Jika kita menghitung sejak Oktober ini, berarti tinggal 56 hari lagi kita akan menyaksikan siapa yang akan memimpin Provinsi Gorontalo dan Kabupaten/Kota se Gorontalo.
Siapapun yang pada hari-hari belakangan ini telah ditetapkan oleh KPU Provinsi dan Kab/Kota hingga mendapatkan nomor urut, akan ditentukan nasibnya pada 56 hari lagi, pada 27 November 2024.
56 hari bukanlah waktu yang panjang, karena jika aktifitas setiap kandidat dalam melakukan kampanye, menyampaikan gagasan hingga persiapan untuk debat kandidat hanya sekitar 10 jam per hari, maka sisa hari hanyalah 23 hari lagi.
Momen 23 hari ini sangatlah tipis. Apalagi jika kita urai per pada setiap kandidat yang ada, belum ada pengumuman hasil survey yang menyatakan ada kandidat yang sudah memiliki elektabilitas diatas 50 %, maka semua berpotensi dan berpeluang.
Dari kesemuan kandidat yang ada, terlihat bahwa belum ada yang menonjol dari segiĀ (1). tingkat keterkenalan, ketersukaan hingga bahkan keterpilihan yang diatas 50 %, (2). dukungan partai yang solid dan mengakar serti mesinnya yang beroperasi secara maksimal, (3). memiliki pola komunikasi yang lancar, (4), memiliki basis wilayah dan komunitas yang solid, hingga (5). memiliki sumber daya yang cukup.

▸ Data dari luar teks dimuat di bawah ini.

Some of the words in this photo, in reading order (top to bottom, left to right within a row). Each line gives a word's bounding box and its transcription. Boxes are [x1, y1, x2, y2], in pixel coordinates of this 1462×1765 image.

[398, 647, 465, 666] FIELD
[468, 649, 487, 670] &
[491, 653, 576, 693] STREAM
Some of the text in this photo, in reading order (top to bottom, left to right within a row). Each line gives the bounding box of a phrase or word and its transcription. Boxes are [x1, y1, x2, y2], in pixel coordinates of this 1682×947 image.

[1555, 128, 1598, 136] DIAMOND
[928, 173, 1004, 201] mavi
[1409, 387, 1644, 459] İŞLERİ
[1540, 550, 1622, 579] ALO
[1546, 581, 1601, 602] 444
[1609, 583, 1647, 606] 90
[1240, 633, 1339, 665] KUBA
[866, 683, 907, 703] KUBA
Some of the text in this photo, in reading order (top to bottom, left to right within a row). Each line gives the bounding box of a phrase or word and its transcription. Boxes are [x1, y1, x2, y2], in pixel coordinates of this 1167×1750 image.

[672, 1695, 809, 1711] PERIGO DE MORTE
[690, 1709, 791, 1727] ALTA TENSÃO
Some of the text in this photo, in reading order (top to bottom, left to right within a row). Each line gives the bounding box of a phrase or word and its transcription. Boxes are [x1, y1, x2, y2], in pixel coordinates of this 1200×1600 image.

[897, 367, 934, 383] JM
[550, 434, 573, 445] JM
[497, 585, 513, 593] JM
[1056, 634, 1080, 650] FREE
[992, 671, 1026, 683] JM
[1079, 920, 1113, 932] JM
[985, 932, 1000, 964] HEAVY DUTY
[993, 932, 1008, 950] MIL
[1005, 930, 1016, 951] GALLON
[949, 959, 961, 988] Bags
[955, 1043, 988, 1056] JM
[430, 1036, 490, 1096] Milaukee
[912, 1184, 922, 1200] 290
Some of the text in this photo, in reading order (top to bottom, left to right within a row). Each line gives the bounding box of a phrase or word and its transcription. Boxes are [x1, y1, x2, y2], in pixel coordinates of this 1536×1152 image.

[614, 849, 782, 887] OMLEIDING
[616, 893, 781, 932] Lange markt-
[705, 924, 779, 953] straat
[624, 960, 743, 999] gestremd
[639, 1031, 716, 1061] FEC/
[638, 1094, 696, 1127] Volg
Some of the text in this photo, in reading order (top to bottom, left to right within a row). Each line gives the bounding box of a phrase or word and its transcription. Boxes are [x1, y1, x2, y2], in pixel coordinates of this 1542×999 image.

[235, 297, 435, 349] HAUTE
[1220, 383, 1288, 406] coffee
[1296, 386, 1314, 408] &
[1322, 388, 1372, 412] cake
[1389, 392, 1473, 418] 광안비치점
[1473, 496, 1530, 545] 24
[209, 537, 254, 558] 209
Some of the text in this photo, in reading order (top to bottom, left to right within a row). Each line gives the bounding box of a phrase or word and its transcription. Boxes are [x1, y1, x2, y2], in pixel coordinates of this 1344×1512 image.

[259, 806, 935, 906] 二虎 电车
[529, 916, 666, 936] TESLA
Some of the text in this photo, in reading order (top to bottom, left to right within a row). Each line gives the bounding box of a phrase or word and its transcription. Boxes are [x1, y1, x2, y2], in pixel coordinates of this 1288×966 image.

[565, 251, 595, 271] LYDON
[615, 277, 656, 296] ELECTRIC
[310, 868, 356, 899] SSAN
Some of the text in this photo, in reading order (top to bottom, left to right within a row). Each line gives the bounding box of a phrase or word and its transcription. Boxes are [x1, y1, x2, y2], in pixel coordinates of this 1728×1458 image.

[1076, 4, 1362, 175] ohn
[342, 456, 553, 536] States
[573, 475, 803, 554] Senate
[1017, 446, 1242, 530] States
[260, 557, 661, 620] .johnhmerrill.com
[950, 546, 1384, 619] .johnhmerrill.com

Pada lima hal ini, kandidat-kandidat yang sudah digaungkan di media, rata-rata belum memiliki keempat komponen dimaksud. Ada yang sudah memiliki partai, tapi partainya tidak solid, ada yang cara berkomunikasinya baik, tetapi sumber daya terbatas. Ada yang sumber daya tidak terbatas tapi masih terkendala dukungan partai yang tidak solid hingga tim sukses yang masih kurang maksimal. Hingga ada yang tidak memiliki keempatnya, kecuali niat. Selain itu, ada yang masih mengandalkan nama besar, walaupun nama baik sudah sangat minimal.
Karena itu, berangkat dari pengalaman pilkada, hingga apa yang harius disiapkan untuk mendapatkan dukungan maksimal, maka bagi setiap kandidat harus maksimal dalam 23 hari kedepan.
Dari kesemua hal diatas, ada yang mulai jarang dibicarakan dan dijadikan syarat utama pencalonan, yakni gagasan dan ide membangun daerah yang nantinya akan dimasukkan pada visi misi kandidat.
Padahal, inti proses elektoral dan kandidasi adalah menyeleksi gagasan dan ide, sejauhmana ide dan gagasan tersebut bisa menyelesaikan masalah daerah hingga bagaimana ide dan gagasan tersebut mudah diterapkan, bukan hanya ilusi dan utopia.
Sayangnya, substansi ini cenderung dikesampingkan, partai-partai termasuk calon, bahkan ada yang menyusun dokumen visi minya sangat terbatas, hanya beberapa lembar kertas. Bahkan baru akan mempersiapkan hal tersebut jika nanti sudah pada tahapan debat.
Karenanya, sisa waktu ini mesti dikerjakan secara komprehensif dan matang, agar kualitas kandidat yang maju bukanlah yang abal-abal, tapi memiliki legitimasi kuat dengan modal elektoral yang tinggi, sumber daya yang cukup, komunikasi politik yang matang hingga gagasan yang bisa membawa pada kesejahteraan.